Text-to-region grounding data
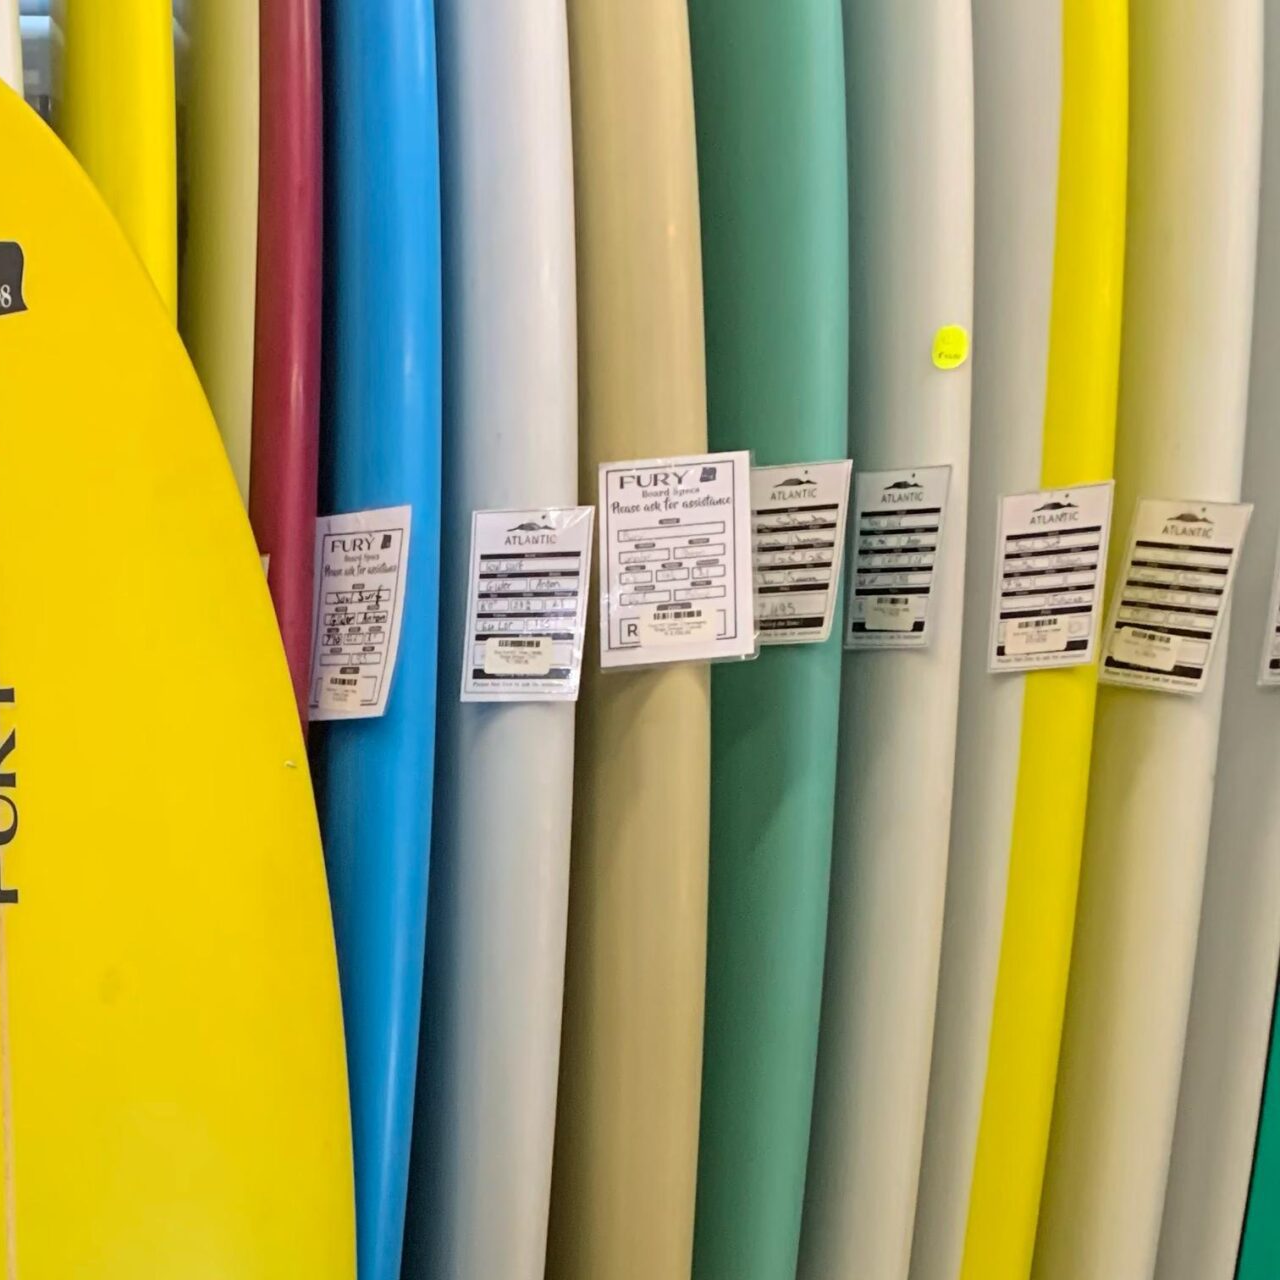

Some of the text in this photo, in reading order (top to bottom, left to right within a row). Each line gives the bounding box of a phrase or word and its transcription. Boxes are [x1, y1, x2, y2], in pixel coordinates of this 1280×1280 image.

[620, 470, 689, 489] FURY
[642, 488, 670, 498] Board
[771, 488, 817, 500] ATLANTIC
[881, 492, 923, 503] ATLANTIC
[611, 494, 731, 514] Please ask for assistance
[1030, 511, 1078, 525] ATLANTIC
[1162, 525, 1214, 539] ATLANTIC
[331, 537, 375, 552] FURY
[505, 534, 557, 545] ATLANTIC
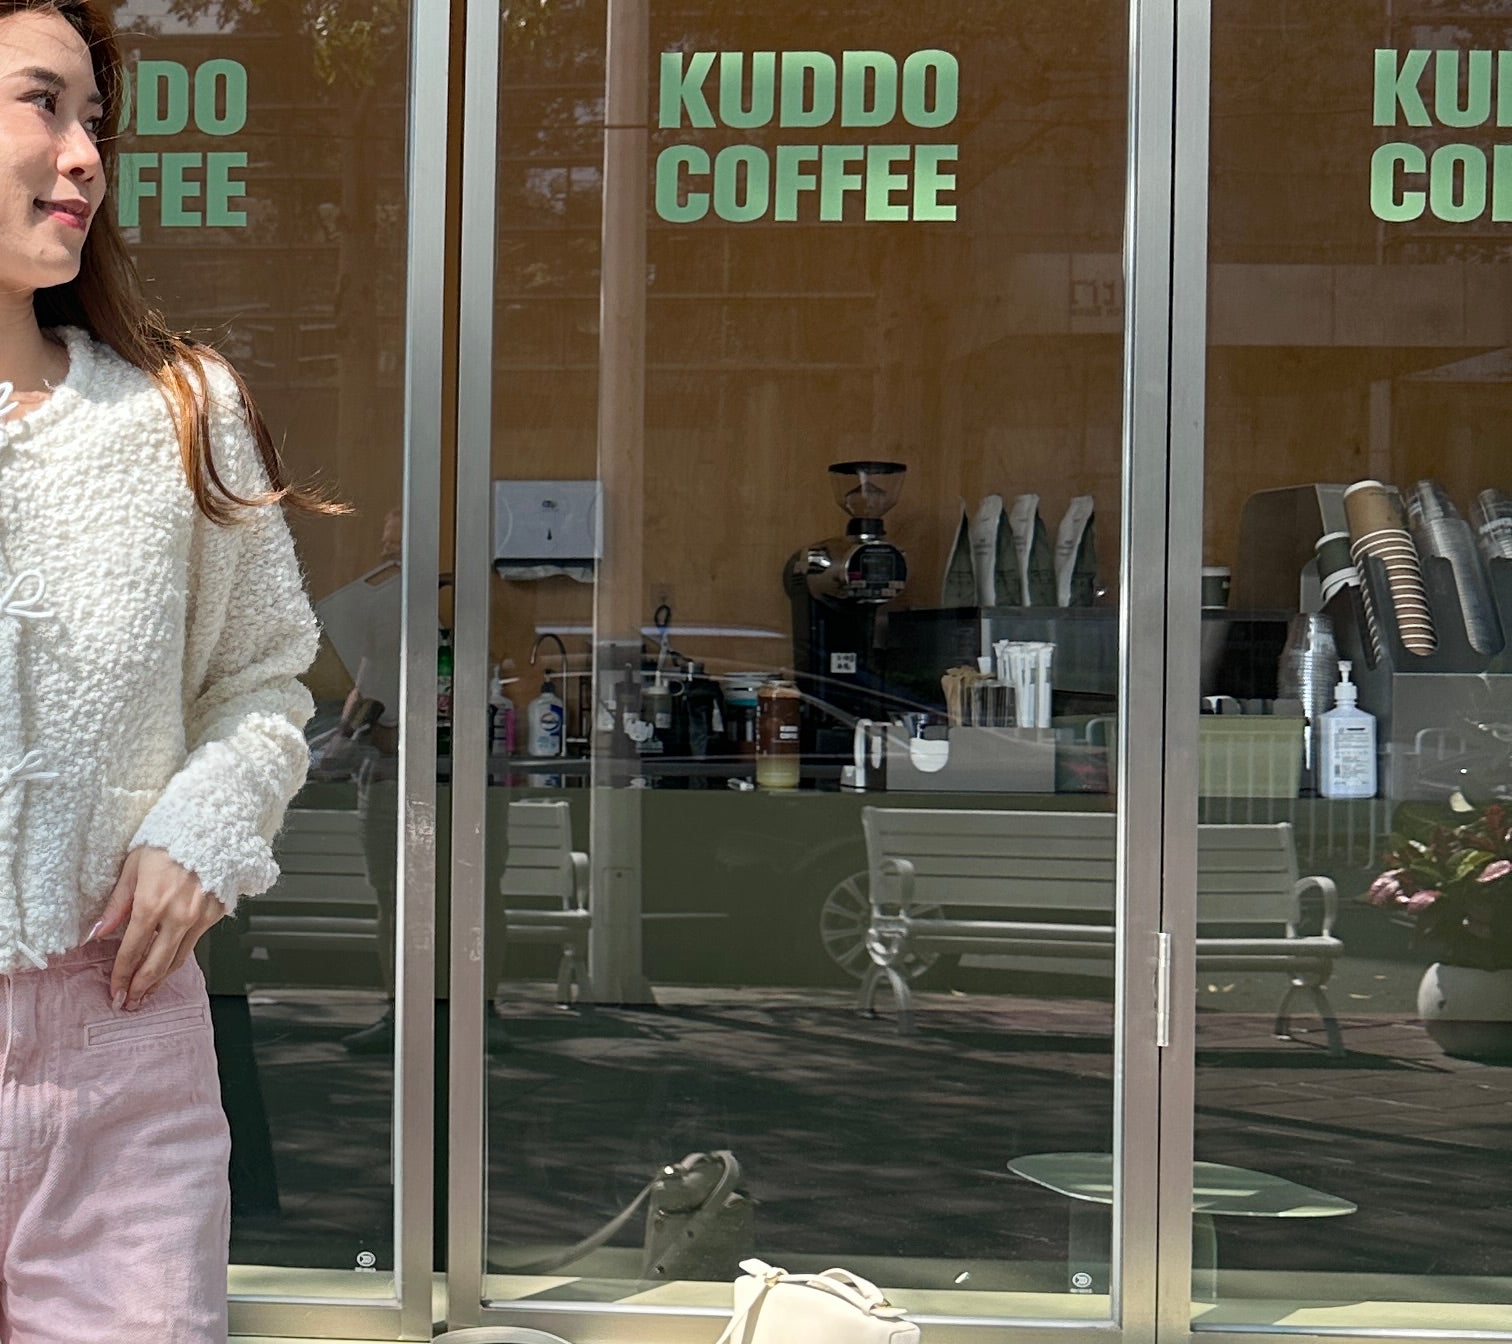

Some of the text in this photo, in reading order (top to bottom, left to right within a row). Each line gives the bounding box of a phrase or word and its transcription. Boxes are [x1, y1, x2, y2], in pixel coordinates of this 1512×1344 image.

[117, 59, 248, 136] DO
[659, 50, 959, 128] KUDDO
[1373, 49, 1512, 128] KU
[655, 145, 958, 222] COFFEE

■ Required work ■
Exactly the lines from the one containing "this 1512×1344 image." through the end of the records above are to be printed, and no others.

■ Exercise solution ■
Some of the text in this photo, in reading order (top to bottom, left to right within a row). Each line gives the bounding box of a phrase or word and its transcription. Boxes are [x1, y1, x2, y2], in pixel coordinates of this 1512×1344 image.

[117, 59, 248, 136] DO
[659, 50, 959, 128] KUDDO
[1373, 49, 1512, 128] KU
[655, 145, 958, 222] COFFEE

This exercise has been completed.